Armed assailants attacked two villages in Kaura local-government territory in central Nigeria on the night of February 3, killing more than a hundred civilians and burning houses, survivors and relief agencies reported. Nigerian authorities have classified the episode as a terrorist attack; by February 4 the death toll had risen to 162, and search-and-rescue operations continued as security forces moved into the area.
President Bola Tinubu has ordered the deployment of an army battalion to the affected region, portraying the move as an effort to "contain barbaric terrorists and protect defenceless communities." The federal government’s response follows a string of high-profile kidnappings and mass attacks across Nigeria’s northwest and central belt, which have eroded public confidence and prompted emergency security measures.
The United Nations Security Council issued a statement on February 17 condemning the strike in "the strongest terms," citing at least 100 fatalities and expressing condolences to the victims’ families and the Nigerian people. The council urged states to cooperate with Nigeria under international law and existing resolutions to bring perpetrators, organisers and financiers of terrorism to justice.
The assault underscores the continued threat posed by Islamist extremist groups operating in the region, principally the remnants of Boko Haram and the Islamic State’s West Africa Province (ISWAP).
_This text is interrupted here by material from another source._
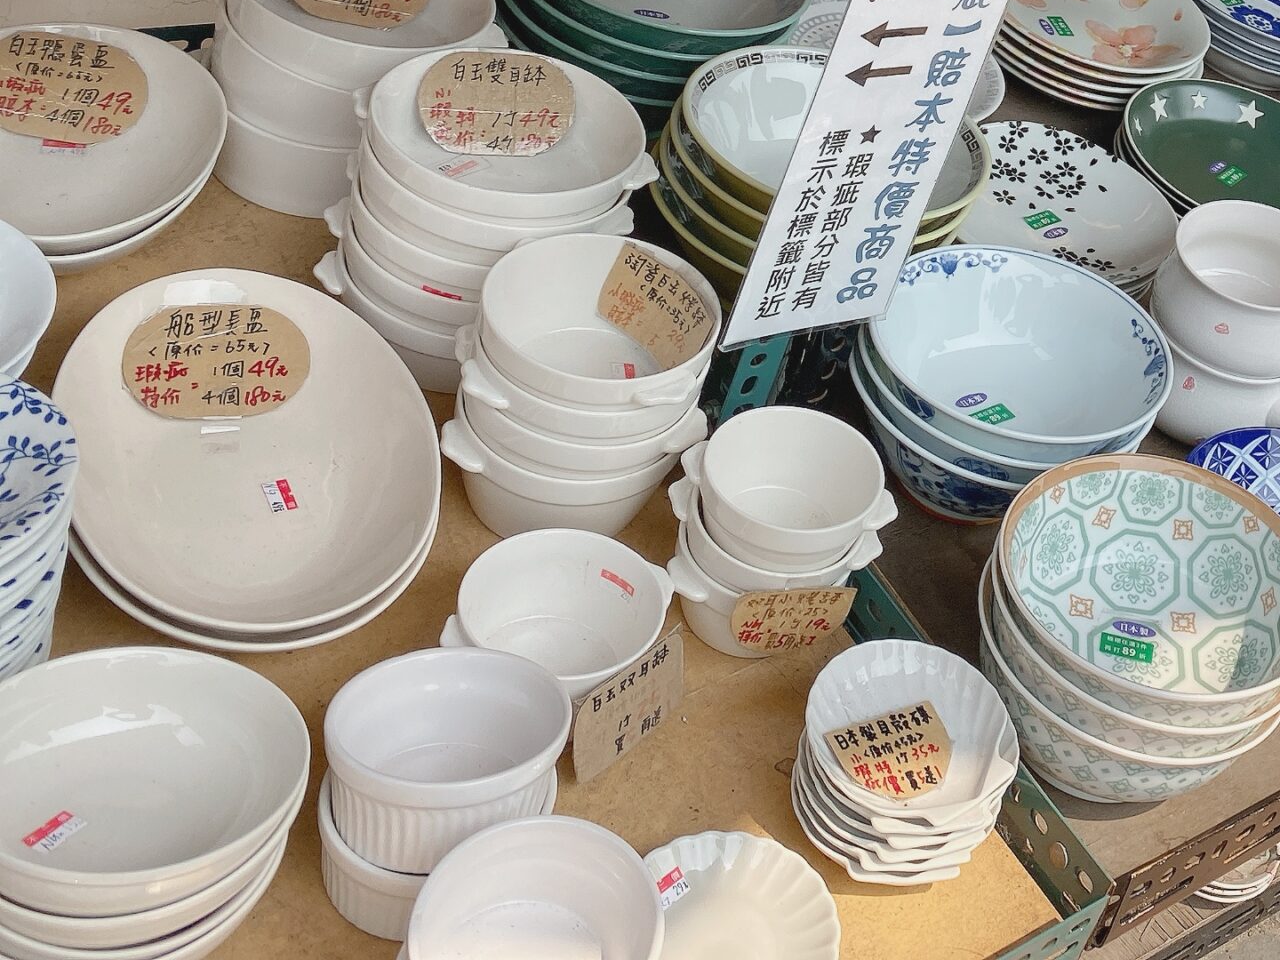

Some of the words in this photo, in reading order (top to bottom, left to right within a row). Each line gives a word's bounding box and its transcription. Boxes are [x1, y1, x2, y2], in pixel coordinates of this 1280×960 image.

[754, 129, 852, 321] 標示於標籤附近
[1120, 622, 1149, 636] 日本製
These groups have evolved through splits and realignments over the past decade, repeatedly mounting cross-border raids and exploiting weak state presence in rural areas along the Lake Chad basin.
The incident coincides with a deepening security partnership between Abuja and Washington. U.S. forces conducted airstrikes in Nigeria in late December and in early February a small U.S. contingent was publicly acknowledged on the ground. Nigeria’s defence headquarters confirmed that 100 U.S. personnel and equipment had arrived at Bauchi State’s airport, and U.S. officials have discussed deploying roughly 200 additional troops to train Nigerian forces against IS-affiliated militants.
For civilians in the central and northwestern states, such attacks are not new: communities have suffered cycles of arson, kidnapping and reprisal violence. Last November’s abduction of more than 300 students from a Catholic school in Niger State — one of the largest school kidnappings in recent memory — highlighted the scale of the threat and earlier prompted the president to declare a nationwide security emergency and boost frontline police recruitment.
The international reaction — from UN condemnation to deeper U.S. military involvement — signals growing concern that localized insurgency could spill into a wider regional crisis if left unchecked. Yet the presence of foreign troops risks complicating an already fragile domestic politics, potentially fueling nationalist backlash while offering much-needed training and intelligence support to overstretched Nigerian security services.